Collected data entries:
....................

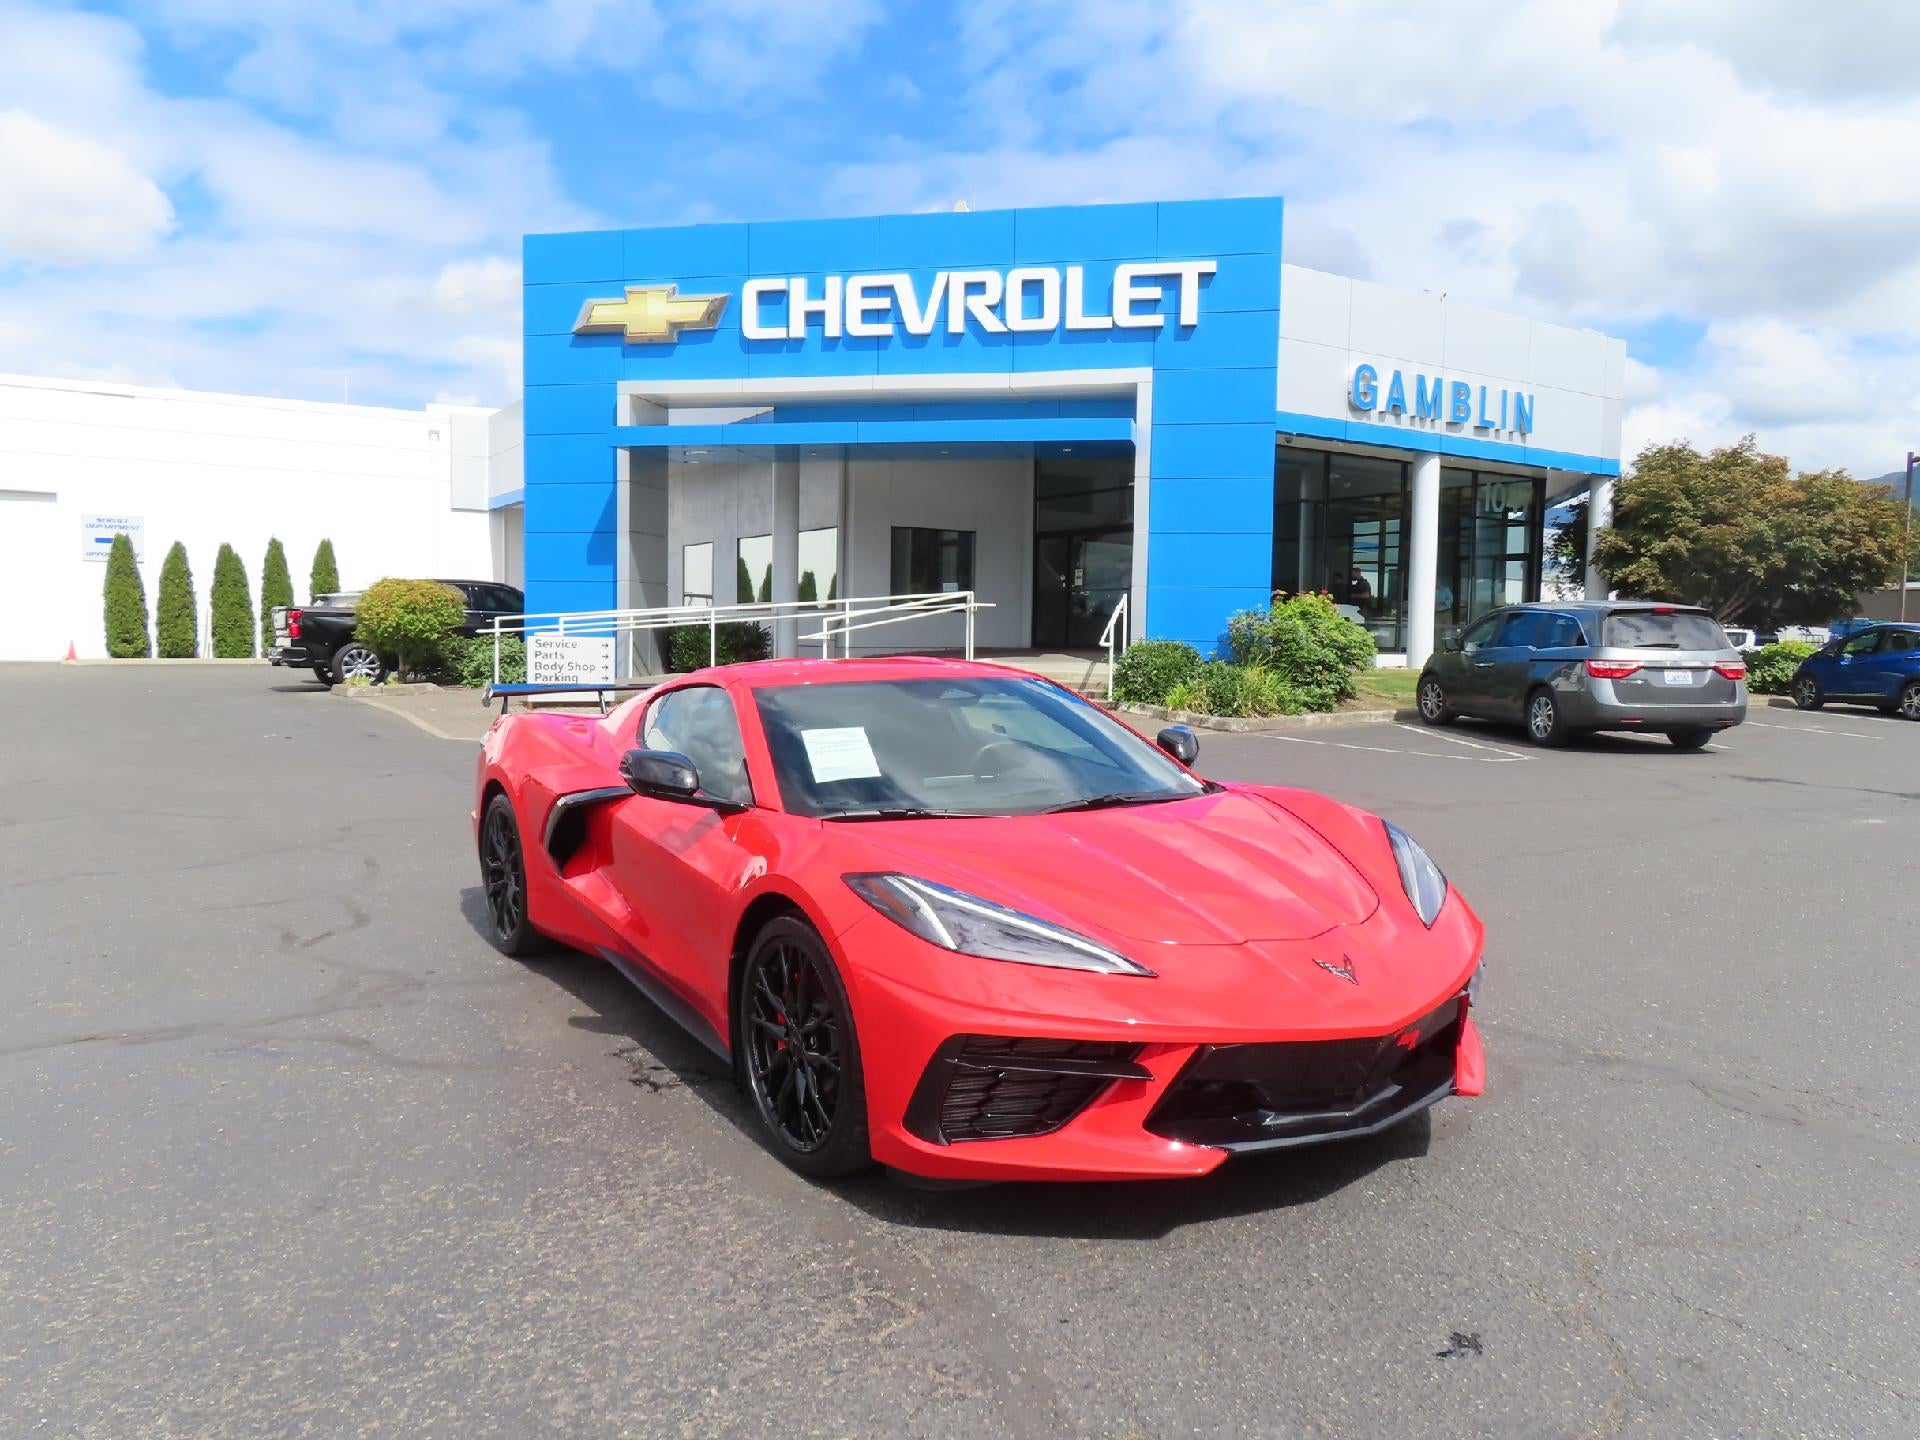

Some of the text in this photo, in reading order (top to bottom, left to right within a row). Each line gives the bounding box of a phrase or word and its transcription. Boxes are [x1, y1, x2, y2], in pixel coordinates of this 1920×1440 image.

[741, 260, 1217, 340] CHEVROLET
[1350, 363, 1534, 434] GAMBLIN
[535, 638, 578, 649] Service
[534, 650, 565, 660] Parts
[534, 661, 596, 673] Body Shop
[534, 672, 578, 684] Parking

....................

▶ **WHAT TO PRODUCE**: The records above need retyping in full. Omit the pictures, and change nothing else.

▶ **YOUR SOLUTION**:
Some of the text in this photo, in reading order (top to bottom, left to right within a row). Each line gives the bounding box of a phrase or word and its transcription. Boxes are [x1, y1, x2, y2], in pixel coordinates of this 1920×1440 image.

[741, 260, 1217, 340] CHEVROLET
[1350, 363, 1534, 434] GAMBLIN
[535, 638, 578, 649] Service
[534, 650, 565, 660] Parts
[534, 661, 596, 673] Body Shop
[534, 672, 578, 684] Parking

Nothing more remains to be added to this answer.